Medical Billing Software for ABA Billing Companies
Short answer
ABA billing companies handle one of the most authorization-intensive revenue cycles in behavioral health. Every client generates hundreds of 15-minute units per month across CPT codes 97151 through 97158, each tied to a specific rendering credential and a pre-approved unit count that payers cap per authorization period. Denial rates of 15 to 25 percent are common for practices without dedicated billing infrastructure, against a 5 to 10 percent healthcare average. The 2025 Roper Technologies acquisition of CentralReach for about $1.65 billion has prompted many ABA organizations to re-evaluate their software stack. Medi is a billing-company-first revenue cycle operating layer that handles claim submission, ERA review, denial queue work, eligibility, and multi-practice work queues through the Stedi clearinghouse. It is not a replacement for ABA practice management, scheduling, or data collection. The right fit is a billing company running ABA alongside a mixed or behavioral-health book. Sources: ABA Coding Coalition.
Why ABA billing is different
Three structural facts separate ABA from most other behavioral health specialties.

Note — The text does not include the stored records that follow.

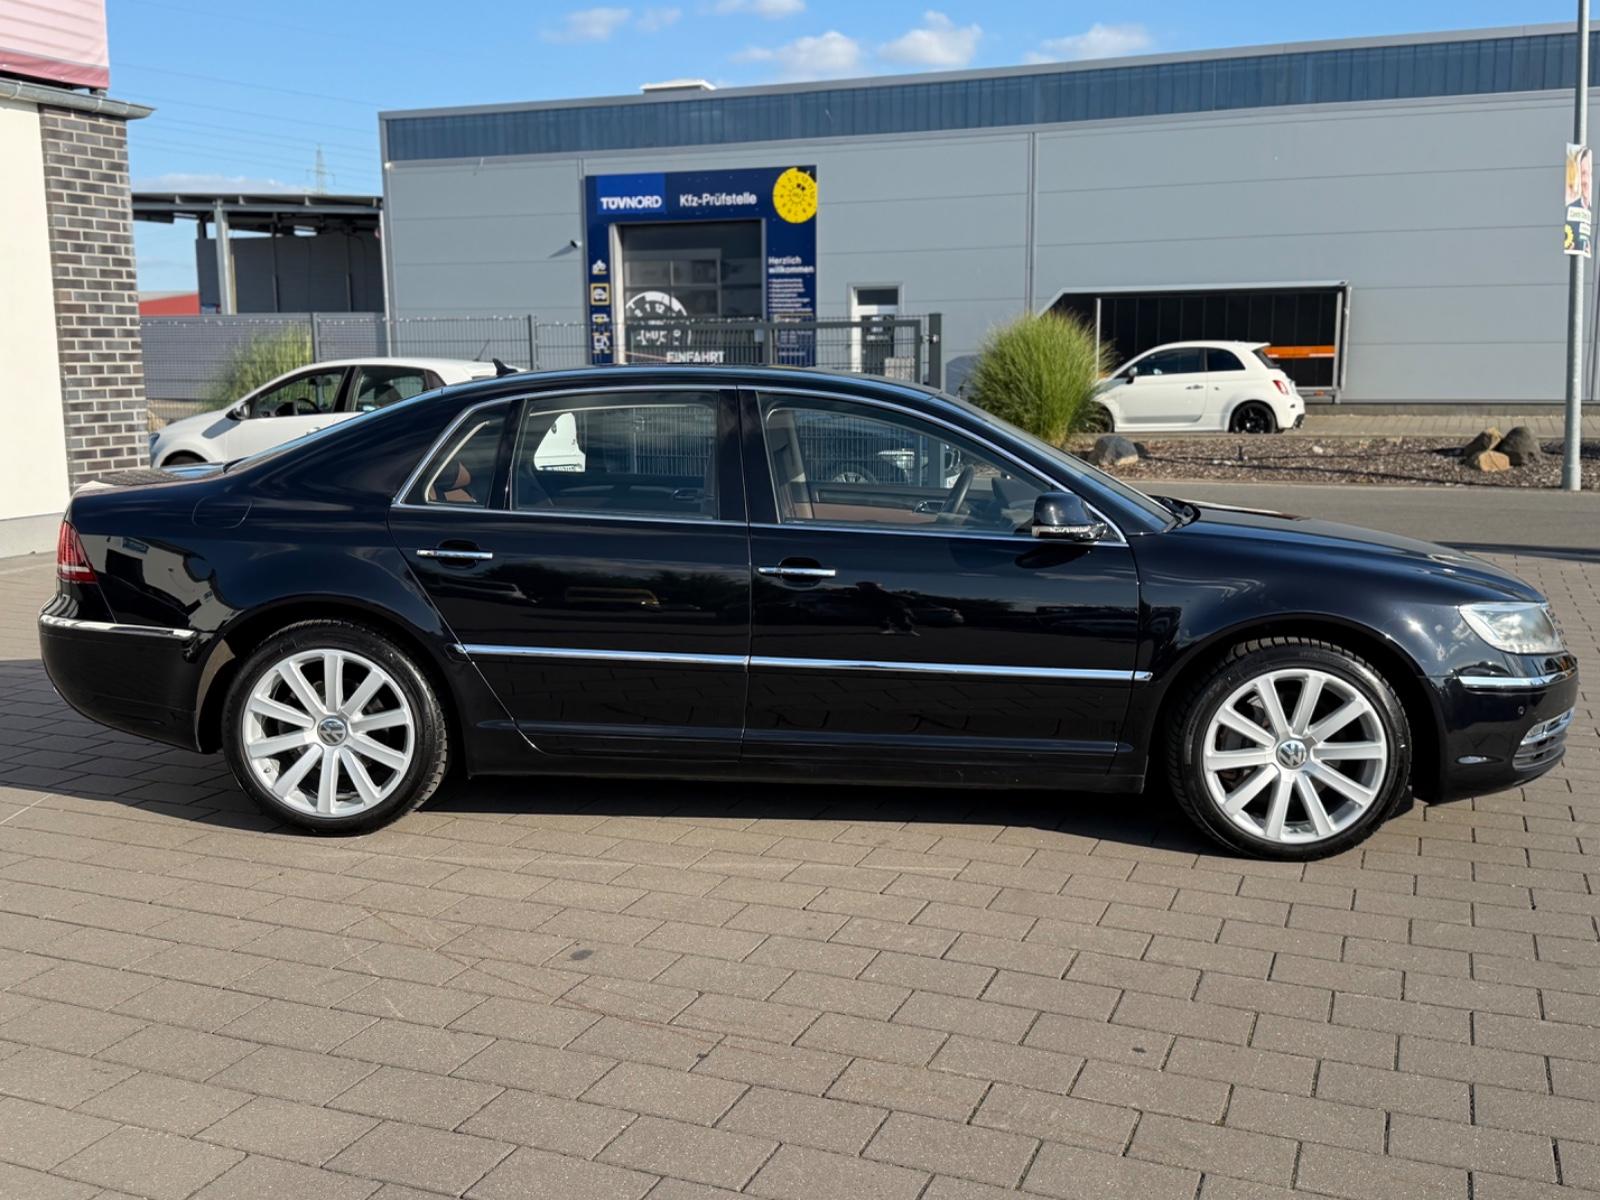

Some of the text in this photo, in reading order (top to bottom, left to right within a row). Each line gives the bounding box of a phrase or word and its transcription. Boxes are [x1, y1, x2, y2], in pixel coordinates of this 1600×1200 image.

[680, 192, 757, 207] Kfz-Prüfstelle
[768, 256, 802, 265] Herzlich
[768, 266, 815, 274] willkommen
[666, 351, 725, 363] EINFAHRT
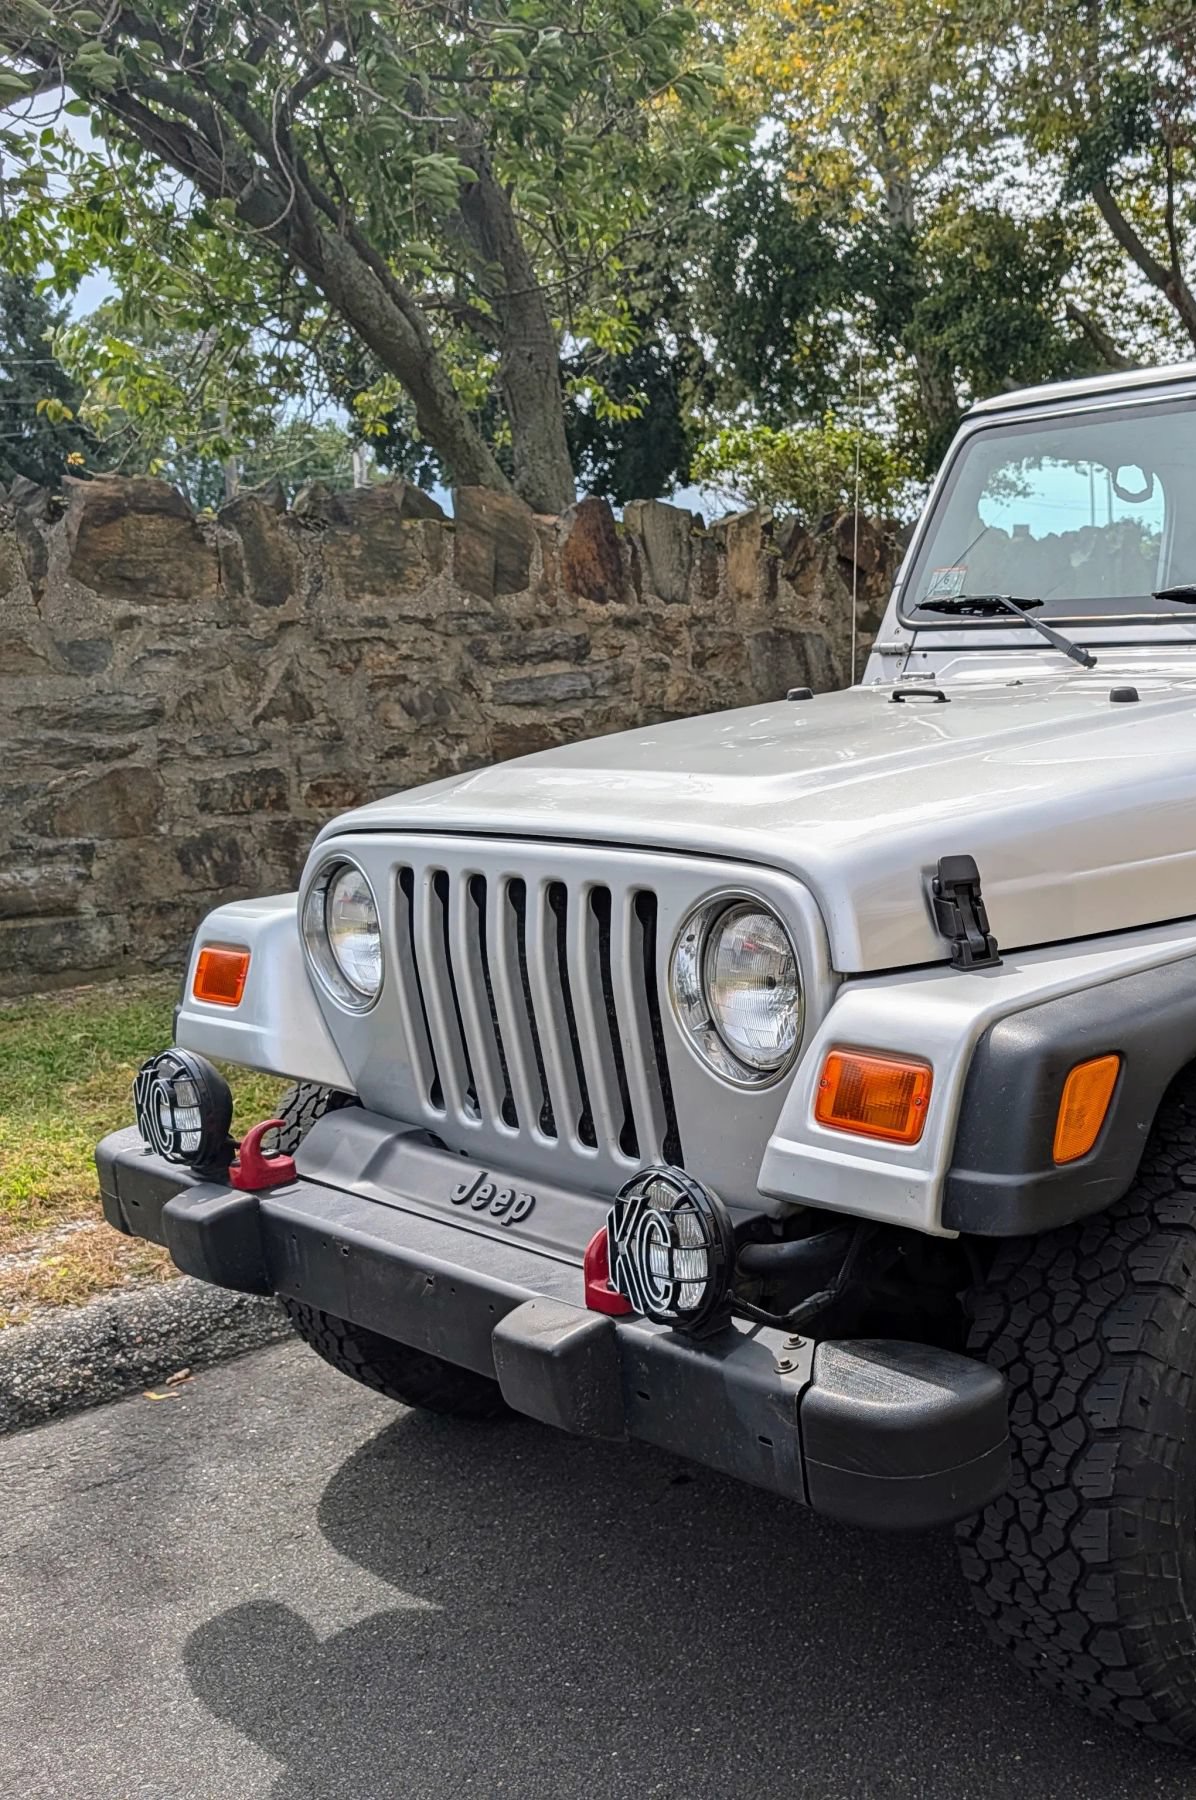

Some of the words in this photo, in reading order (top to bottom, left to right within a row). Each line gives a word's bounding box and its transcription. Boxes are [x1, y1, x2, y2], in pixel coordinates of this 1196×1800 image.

[132, 1069, 175, 1156] KC
[450, 1170, 537, 1227] Jeep
[605, 1196, 673, 1316] KC

First, transaction volume per patient is high. A child receiving 25 hours of weekly therapy generates more than 5,000 billable units a year across multiple CPT codes. A single day of care can produce a claim with 16 units of 97153, two units of 97155, and one unit of 97156, each timed in 15-minute increments. A billing team used to evaluation-and-management codes or session-based psychotherapy will miscalculate units regularly.

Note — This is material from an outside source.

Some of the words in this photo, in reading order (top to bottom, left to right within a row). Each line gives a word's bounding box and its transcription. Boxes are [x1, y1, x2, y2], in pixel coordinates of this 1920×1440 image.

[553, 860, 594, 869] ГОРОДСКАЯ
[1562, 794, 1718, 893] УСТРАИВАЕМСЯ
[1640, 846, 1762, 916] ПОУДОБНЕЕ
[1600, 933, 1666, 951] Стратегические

Second, authorizations are continuous, not episodic. Most payers approve ABA services in 90-to-180-day windows tied to specific unit counts per code. The billing company tracks real-time utilization against each authorization, alerts providers before units run out, and submits re-authorization 30 to 45 days before expiration. Letting an authorization lapse by a single day turns a clean claim into a retroactive denial.
Third, the payer landscape is fragmented. One ABA practice often navigates Medicaid fee-for-service, multiple Medicaid managed care organizations, and commercial insurers, each with distinct authorization protocols, concurrent billing rules, and fee schedules. What one commercial plan allows for concurrent 97153 and 97155 billing may be denied flat by a state Medicaid MCO in the same county.

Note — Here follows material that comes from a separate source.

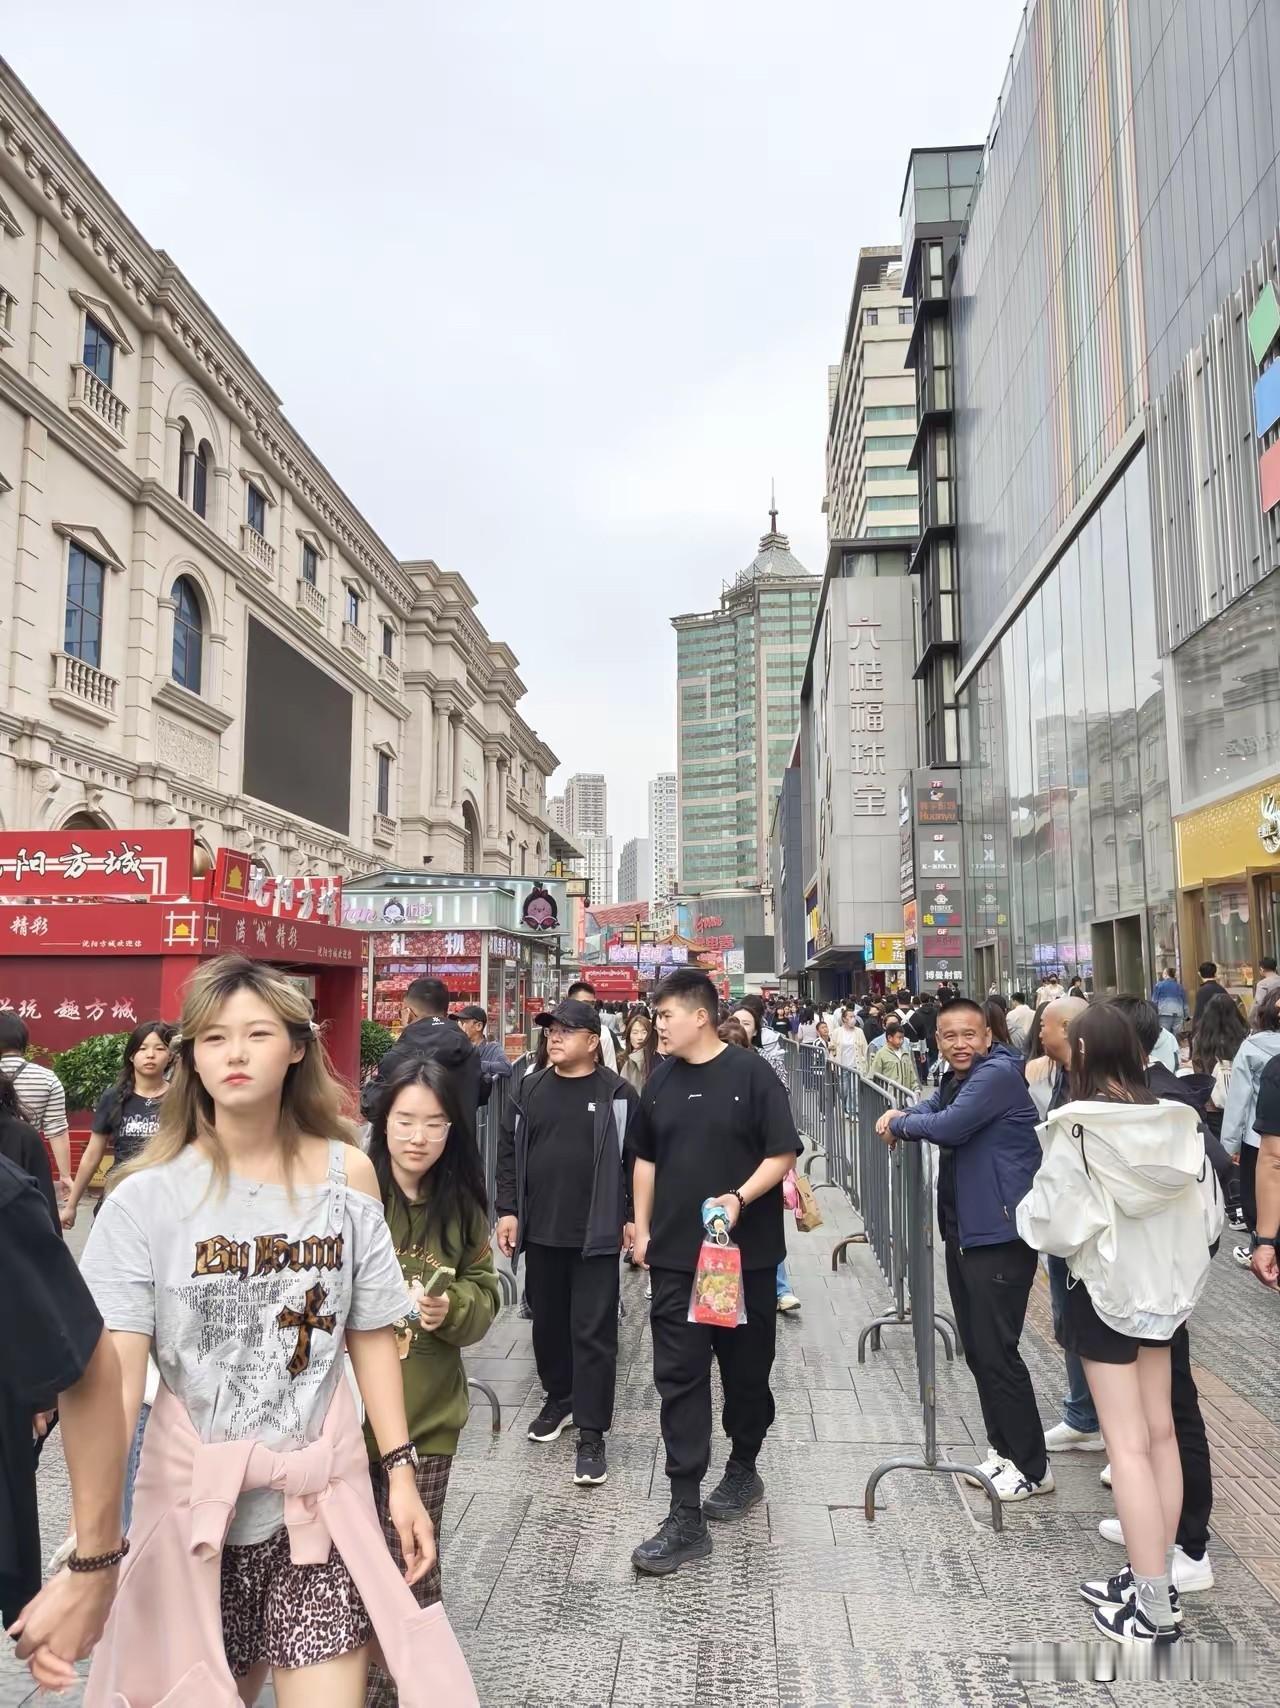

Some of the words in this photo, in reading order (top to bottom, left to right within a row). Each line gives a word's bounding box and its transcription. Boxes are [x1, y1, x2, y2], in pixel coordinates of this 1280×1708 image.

Denial rates for ABA practices without dedicated billing infrastructure run roughly 15 to 25 percent, against a 5 to 10 percent healthcare average. Treat the exact figure as directional and confirm against your own book.
The ABA CPT codes (97151-97158) and how units work
All eight Category I codes are time-based in 15-minute increments. Code 97151 includes both face-to-face and bundled non-face-to-face work such as data analysis and report writing; the other codes count face-to-face time only. A qualified healthcare professional in payer contracts generally means a BCBA or BCBA-D; a technician means an RBT or BCaBA working under active supervision.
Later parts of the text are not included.